Alta contaminación en MadridEFE

La contaminación medioambiental -- la polución del aire, del agua, los agentes químicos, la radiación y los riesgos laborales de ella derivados -- cuesta la vida a 12 millones de personas al año. El mundo progresa y la población, cada vez más concienciada, introduce prácticas cada vez más saludables.

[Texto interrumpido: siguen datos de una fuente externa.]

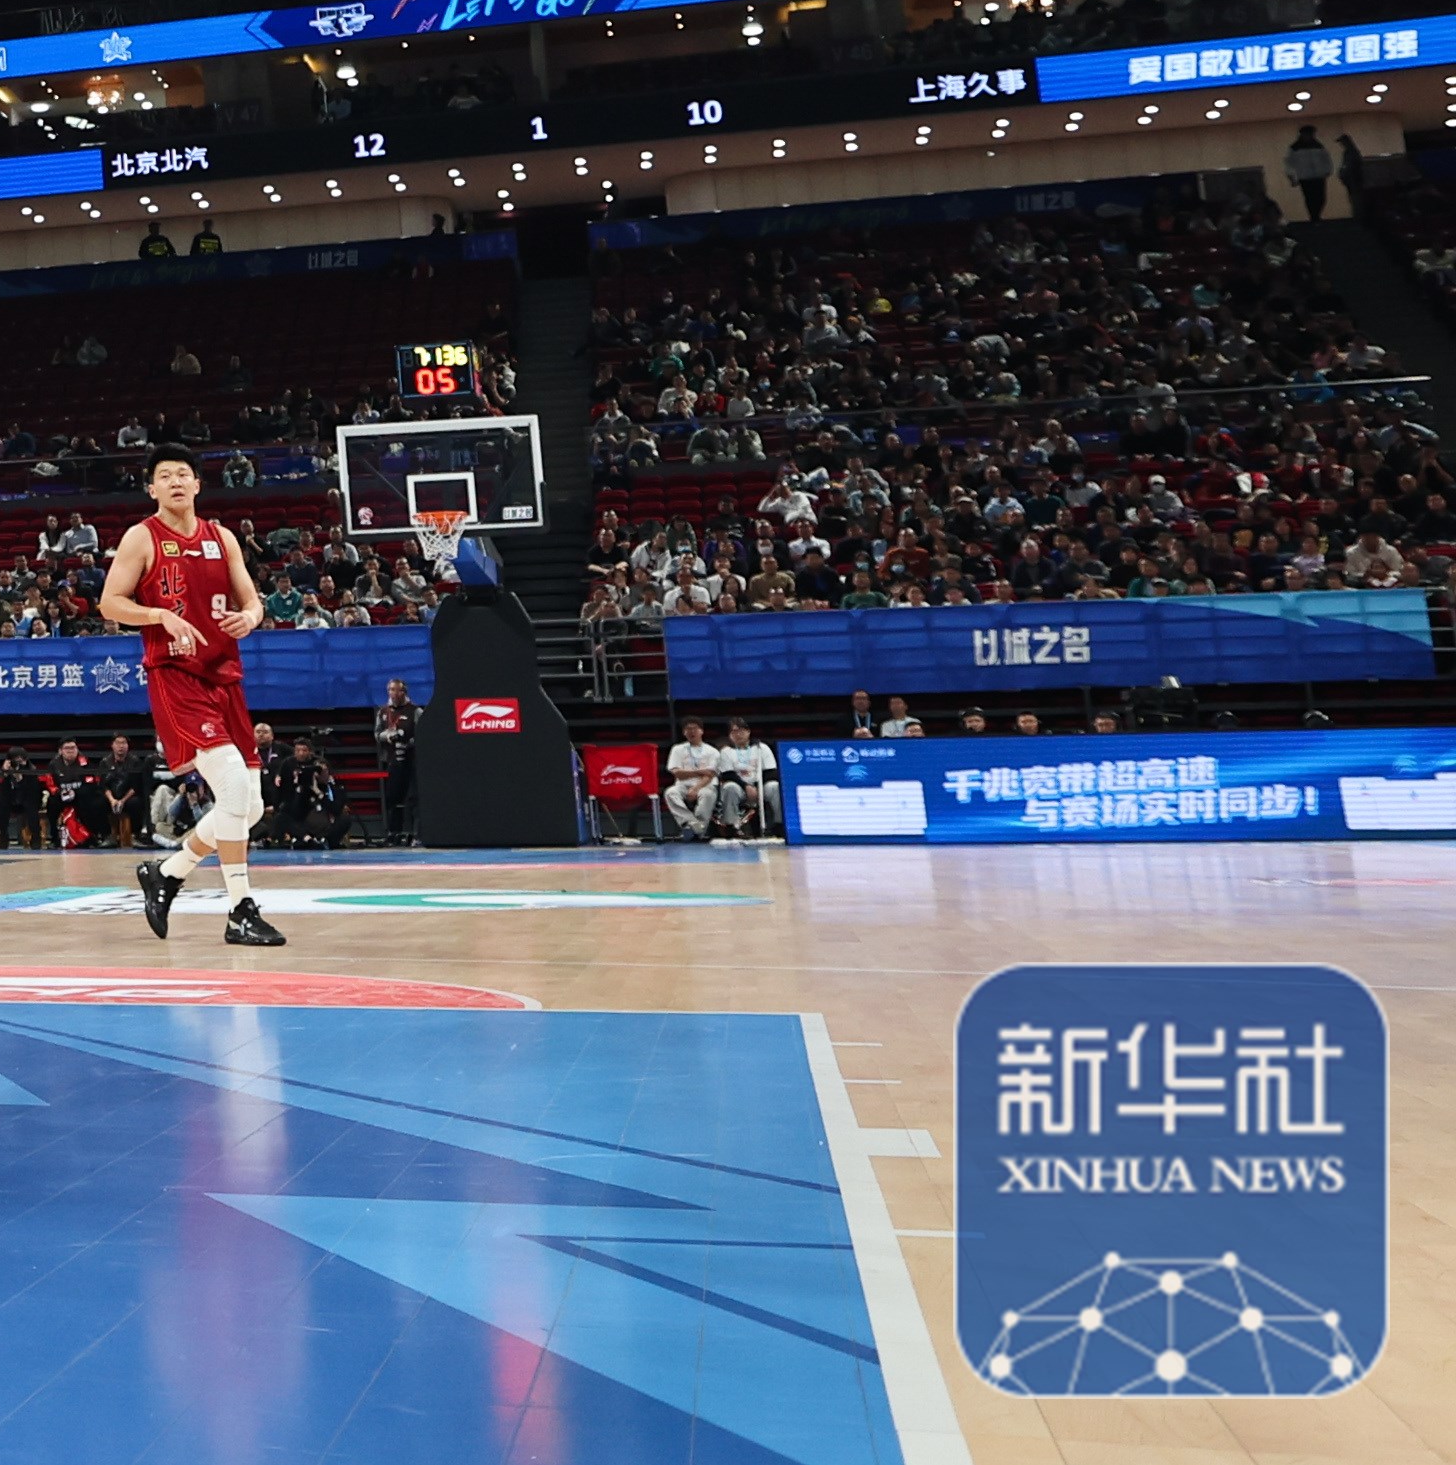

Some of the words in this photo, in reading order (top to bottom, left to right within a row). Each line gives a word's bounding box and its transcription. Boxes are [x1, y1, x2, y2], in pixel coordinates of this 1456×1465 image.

No obstante, Naciones Unidas subraya que las medidas para reducir la contaminación de los automóviles distan de alcanzar los objetivos propuestos.

Por ejemplo, si bien las actuales políticas para combustibles limpios de vehículos podrían reducir las emisiones en un 90 por ciento, solo tres de cada diez países de todo el mundo han adoptado el protocolo de emisiones Euro 4, según apunta Naciones Unidas en un informe publicado esta semana.

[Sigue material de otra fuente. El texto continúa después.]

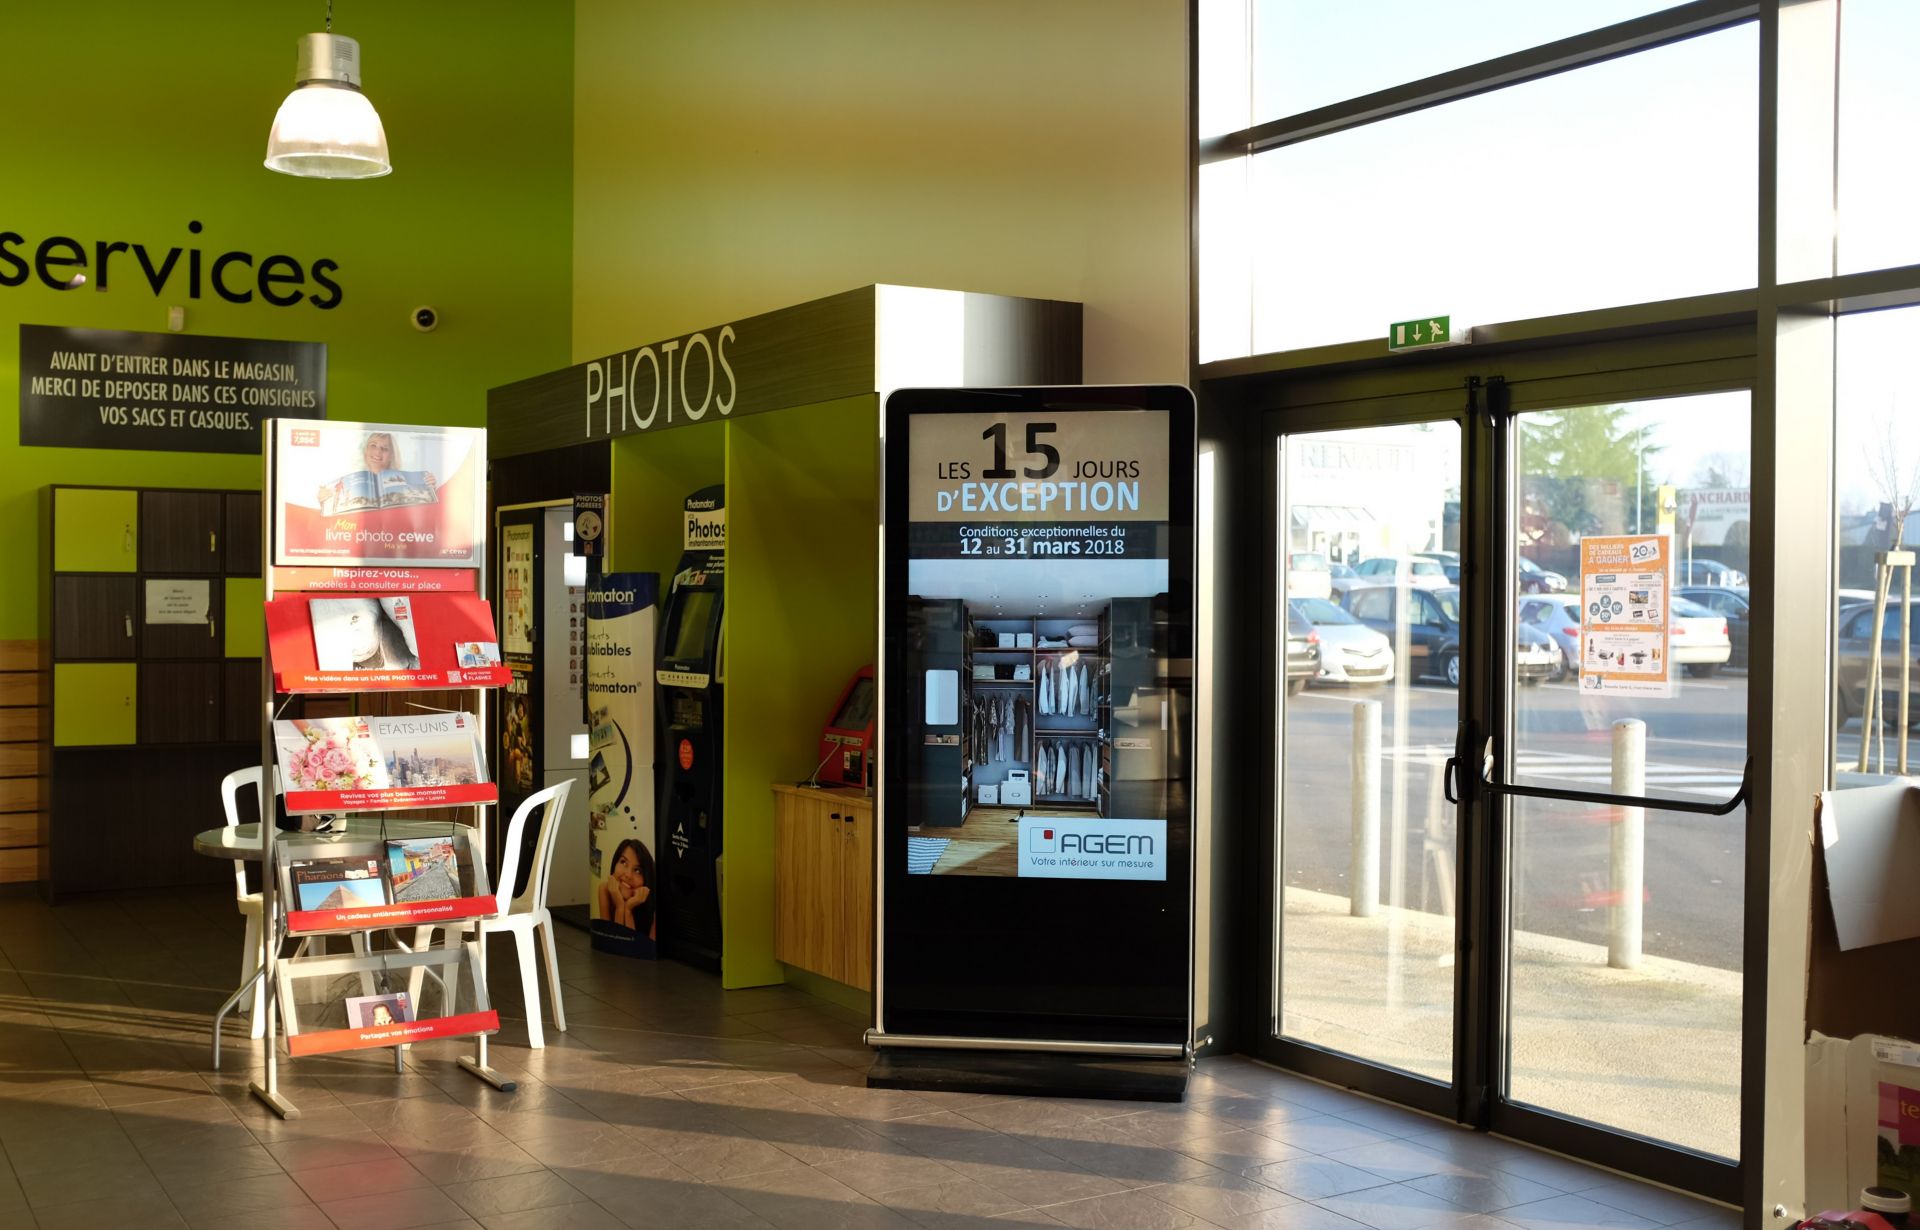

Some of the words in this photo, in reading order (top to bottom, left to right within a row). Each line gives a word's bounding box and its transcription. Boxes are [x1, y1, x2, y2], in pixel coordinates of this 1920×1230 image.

[0, 220, 343, 310] services
[50, 351, 96, 372] AVANT
[101, 354, 168, 375] D'ENTRER
[173, 358, 210, 378] DANS
[215, 361, 229, 379] LE
[233, 362, 299, 385] MAGASIN,
[586, 325, 737, 438] PHOTOS
[32, 377, 77, 397] MERCI
[81, 379, 101, 398] DE
[105, 380, 169, 401] DEPOSER
[173, 384, 210, 403] DANS
[214, 385, 237, 405] CES
[241, 387, 316, 408] CONSIGNES
[100, 406, 128, 425] VOS
[132, 407, 166, 427] SACS
[170, 410, 185, 428] ET
[189, 410, 253, 431] CASQUES.
[938, 462, 971, 479] LES
[982, 422, 1061, 479] 15
[1073, 460, 1140, 479] JOURS
[937, 481, 1139, 512] D'EXCEPTION
[336, 519, 357, 530] Mon
[959, 526, 1019, 538] Conditions
[1021, 526, 1108, 538] exceptionnelles
[1110, 526, 1125, 537] du
[325, 529, 351, 541] livre
[355, 529, 394, 543] photo
[398, 532, 434, 543] cewe
[960, 538, 983, 555] 12
[986, 545, 1000, 555] au
[1004, 538, 1028, 555] 31
[1033, 540, 1081, 555] mars
[1084, 540, 1124, 555] 2018
[309, 580, 348, 589] modèles
[350, 580, 356, 588] à
[358, 580, 400, 589] consulter
[418, 580, 442, 590] place
[1061, 833, 1154, 855] AGEM
[1031, 857, 1056, 866] Votre
[1059, 858, 1098, 867] intérieur
[347, 912, 371, 920] cadeau
[413, 906, 453, 916] personnalisé
[360, 1031, 390, 1040] Partagez
[1901, 1100, 1920, 1119] te

De hecho, solo una cuarta parte de los países emplean un estándar de combustibles avanzados. Países como Kenia, Tanzania y Ruanda, no obstante, decidieron el pasado 1 de enero de 2015 recurrir únicamente a combustibles con bajo contenido en sulfuro. Una medida que, de internacionalizarse, reduciría en un 90 por ciento las emisiones.
Por lo que respecta a los coches eléctricos, su compra está todavía en una fase introductoria. Existen sin embargo, políticas de incentivo en países como Noruega, donde una tercera parte de los vehículos adquiridos son de esta modalidad.

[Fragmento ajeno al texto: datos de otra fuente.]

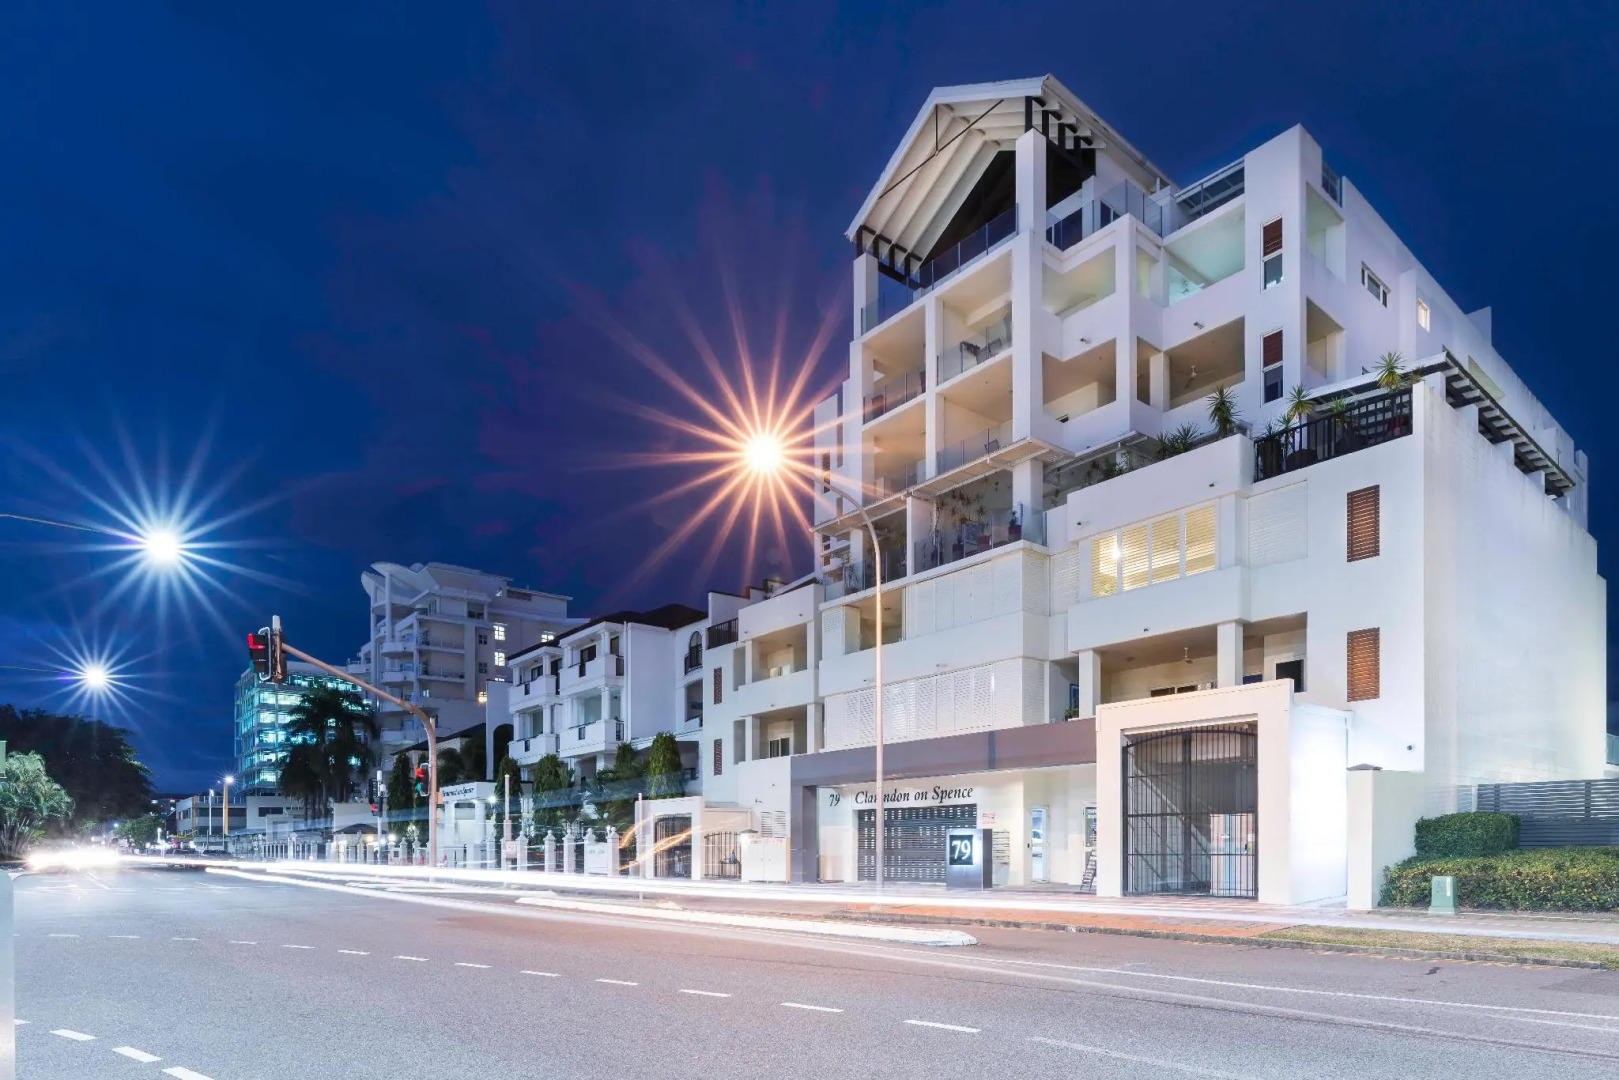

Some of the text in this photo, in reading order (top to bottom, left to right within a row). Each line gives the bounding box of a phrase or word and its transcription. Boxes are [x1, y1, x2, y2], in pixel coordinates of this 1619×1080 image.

[829, 793, 841, 806] 79
[855, 785, 973, 804] Clarndon on Spence
[951, 839, 971, 860] 79

"Cada vez más gente de todo el mundo está afectada por la calidad del aire, y la salud de cada vez más personas están sufriendo efectos cada vez más perjudiciales como consecuencia", explica el director ejecutivo del Programa de Naciones Unidas para el Medio Ambiente, Achim Steiner. "La actual respuesta global a la baja calidad del aire es insuficiente", indica.
"Y, sin embargo, a pesar de este problema, son varios los países que han tomado medidas eficaces -- y asumibles -- para limpiar el aire de contaminación. Es una oportunidad para replicar estas prácticas a nivel global y extender sus beneficios al mundo entero", avanza.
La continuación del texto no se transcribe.